»»

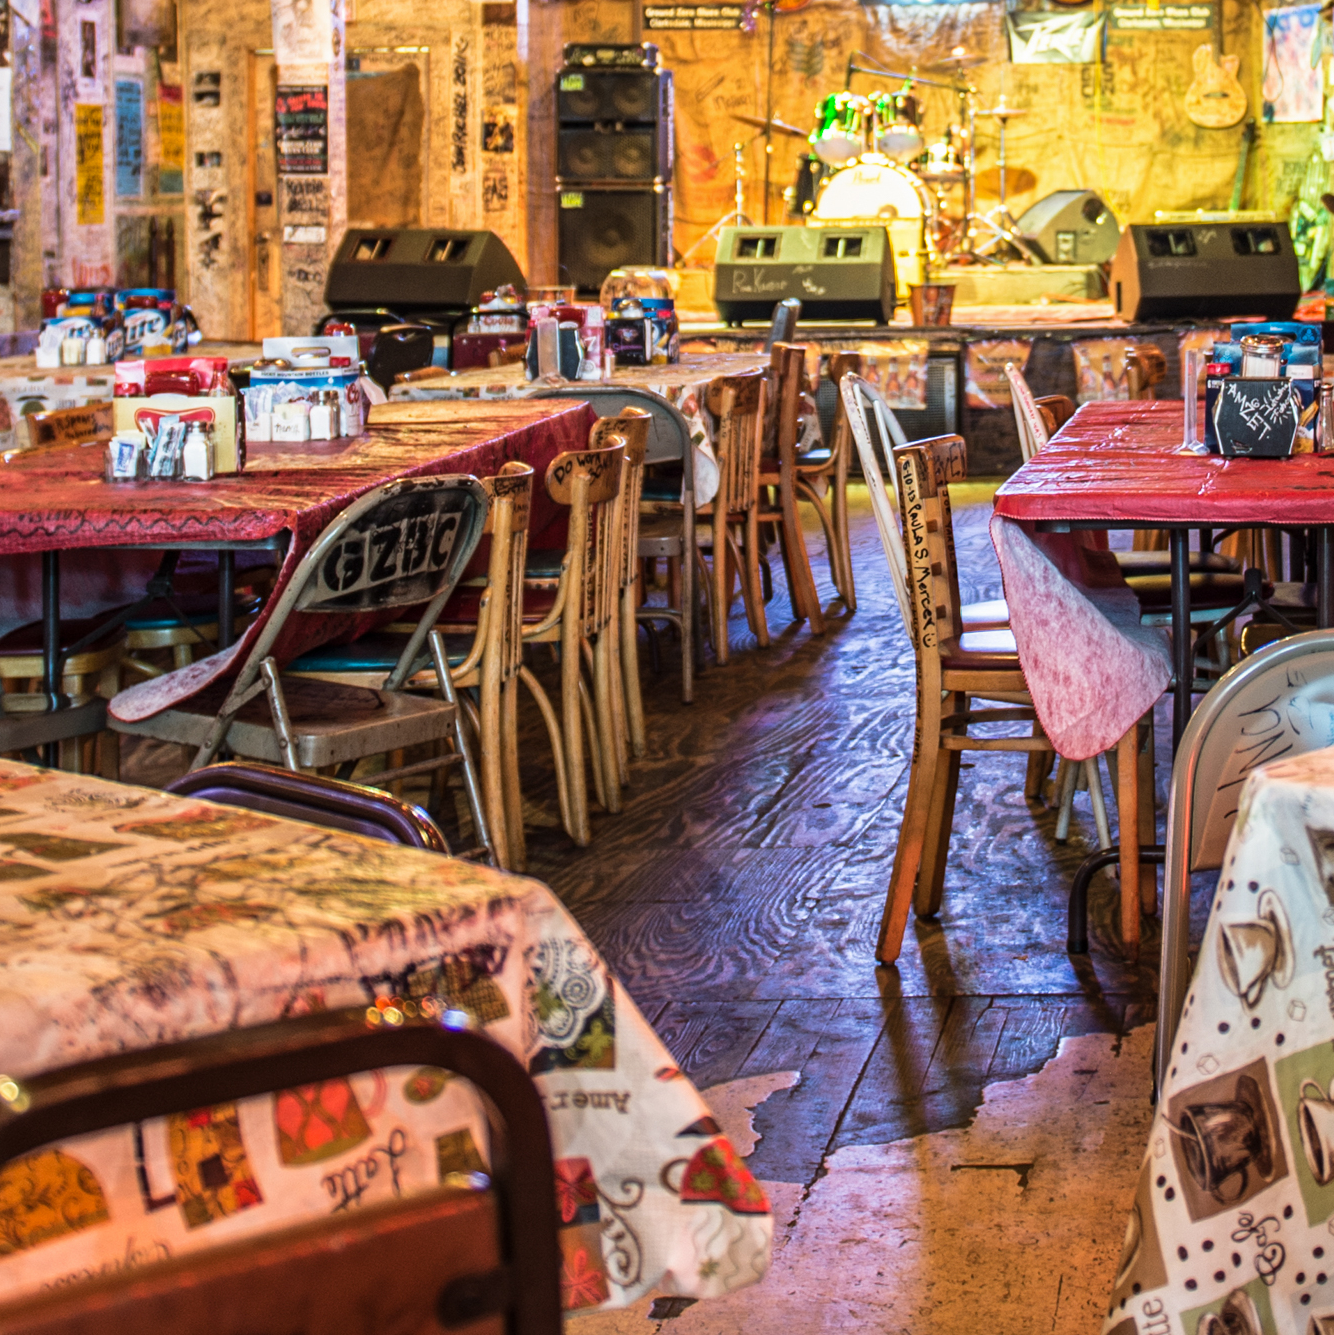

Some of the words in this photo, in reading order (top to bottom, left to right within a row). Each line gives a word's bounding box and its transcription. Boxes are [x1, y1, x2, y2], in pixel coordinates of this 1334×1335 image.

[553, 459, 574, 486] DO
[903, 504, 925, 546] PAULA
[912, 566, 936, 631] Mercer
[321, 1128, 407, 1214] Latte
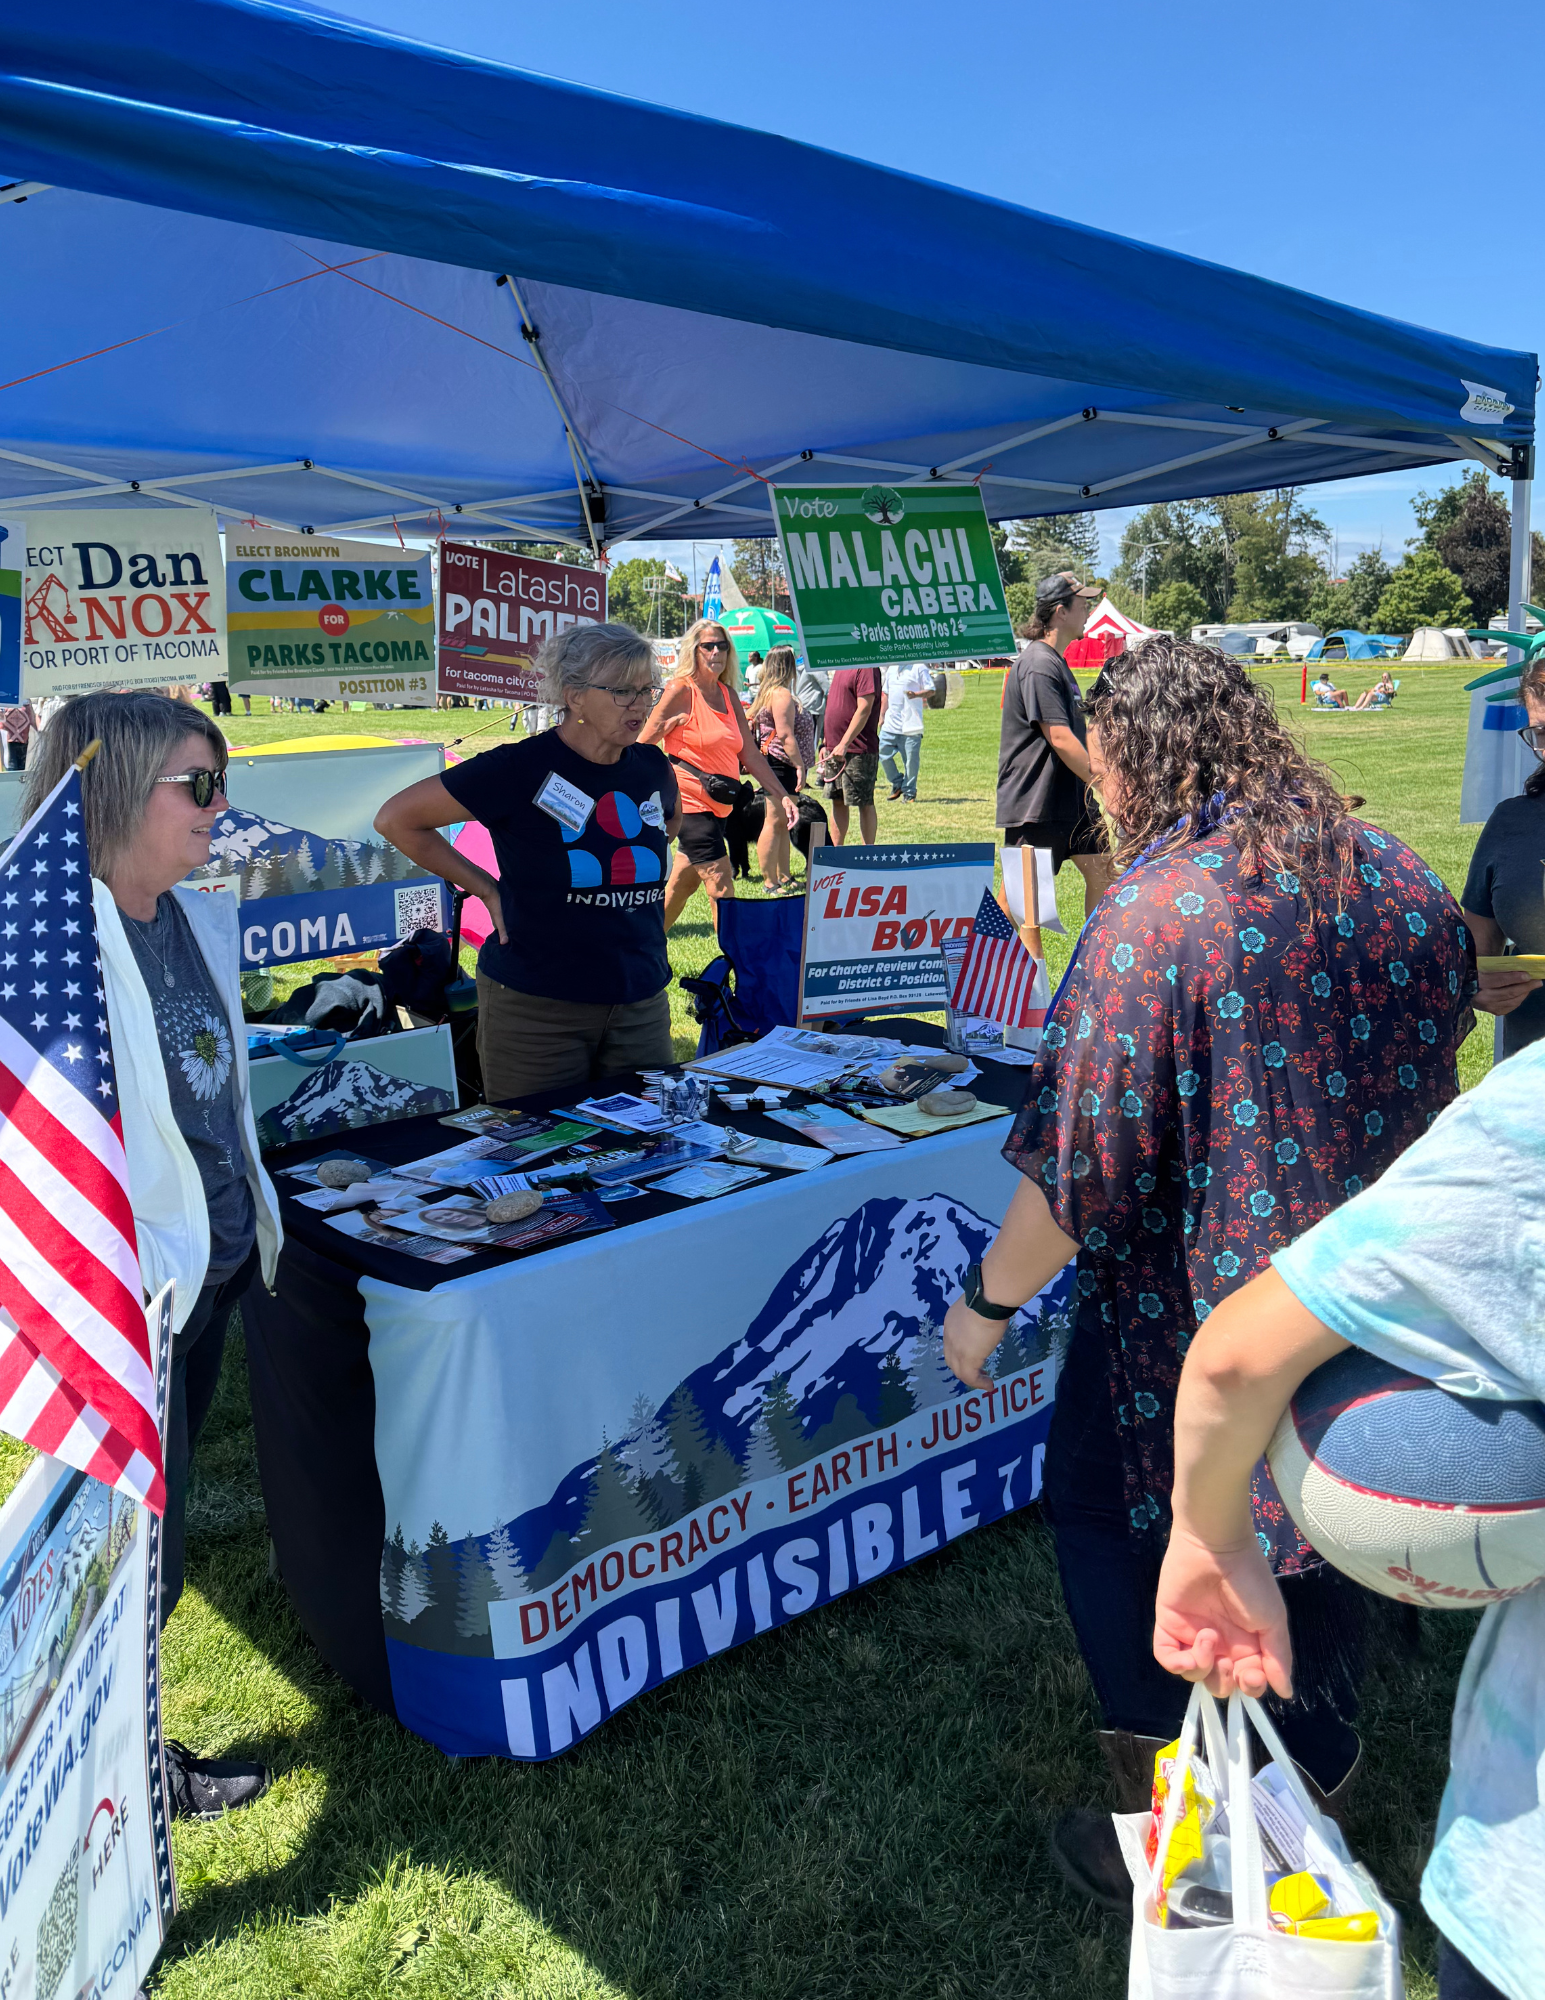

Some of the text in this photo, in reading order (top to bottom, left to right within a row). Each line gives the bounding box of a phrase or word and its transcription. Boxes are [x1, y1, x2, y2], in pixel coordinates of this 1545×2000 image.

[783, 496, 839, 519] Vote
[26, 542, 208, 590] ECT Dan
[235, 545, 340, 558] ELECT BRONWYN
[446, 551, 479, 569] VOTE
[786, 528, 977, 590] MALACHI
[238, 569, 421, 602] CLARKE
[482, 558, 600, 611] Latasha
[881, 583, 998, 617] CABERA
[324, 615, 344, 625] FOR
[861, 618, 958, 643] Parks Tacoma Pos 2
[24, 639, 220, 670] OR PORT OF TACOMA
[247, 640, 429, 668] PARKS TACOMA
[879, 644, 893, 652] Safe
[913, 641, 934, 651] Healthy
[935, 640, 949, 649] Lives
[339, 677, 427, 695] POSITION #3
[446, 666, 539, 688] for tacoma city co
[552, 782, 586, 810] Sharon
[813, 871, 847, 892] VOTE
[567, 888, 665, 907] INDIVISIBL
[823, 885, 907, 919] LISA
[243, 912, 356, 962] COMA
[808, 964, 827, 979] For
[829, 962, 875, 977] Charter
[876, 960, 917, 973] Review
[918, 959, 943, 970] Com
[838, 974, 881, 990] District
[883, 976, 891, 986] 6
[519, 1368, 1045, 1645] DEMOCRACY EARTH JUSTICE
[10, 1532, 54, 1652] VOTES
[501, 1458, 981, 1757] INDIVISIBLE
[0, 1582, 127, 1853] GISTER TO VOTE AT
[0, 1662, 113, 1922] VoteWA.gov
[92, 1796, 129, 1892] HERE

««

#### AIM OF THE TASK
All of the entries above are to be duplicated exactly, with every image left out.

#### ANSWER BELOW
Some of the words in this photo, in reading order (top to bottom, left to right within a row). Each line gives a word's bounding box and its transcription. Boxes are [x1, y1, x2, y2], in pixel coordinates of this 1334×1335 image.

[553, 459, 574, 486] DO
[903, 504, 925, 546] PAULA
[912, 566, 936, 631] Mercer
[321, 1128, 407, 1214] Latte

Some of the text in this photo, in reading order (top to bottom, left to right within a row). Each line gives the bounding box of a phrase or word and its transcription. Boxes are [x1, y1, x2, y2], in pixel coordinates of this 1545×2000 image.

[783, 496, 839, 519] Vote
[26, 542, 208, 590] ECT Dan
[235, 545, 340, 558] ELECT BRONWYN
[446, 551, 479, 569] VOTE
[786, 528, 977, 590] MALACHI
[238, 569, 421, 602] CLARKE
[482, 558, 600, 611] Latasha
[881, 583, 998, 617] CABERA
[324, 615, 344, 625] FOR
[861, 618, 958, 643] Parks Tacoma Pos 2
[24, 639, 220, 670] OR PORT OF TACOMA
[247, 640, 429, 668] PARKS TACOMA
[879, 644, 893, 652] Safe
[913, 641, 934, 651] Healthy
[935, 640, 949, 649] Lives
[339, 677, 427, 695] POSITION #3
[446, 666, 539, 688] for tacoma city co
[552, 782, 586, 810] Sharon
[813, 871, 847, 892] VOTE
[567, 888, 665, 907] INDIVISIBL
[823, 885, 907, 919] LISA
[243, 912, 356, 962] COMA
[808, 964, 827, 979] For
[829, 962, 875, 977] Charter
[876, 960, 917, 973] Review
[918, 959, 943, 970] Com
[838, 974, 881, 990] District
[883, 976, 891, 986] 6
[519, 1368, 1045, 1645] DEMOCRACY EARTH JUSTICE
[10, 1532, 54, 1652] VOTES
[501, 1458, 981, 1757] INDIVISIBLE
[0, 1582, 127, 1853] GISTER TO VOTE AT
[0, 1662, 113, 1922] VoteWA.gov
[92, 1796, 129, 1892] HERE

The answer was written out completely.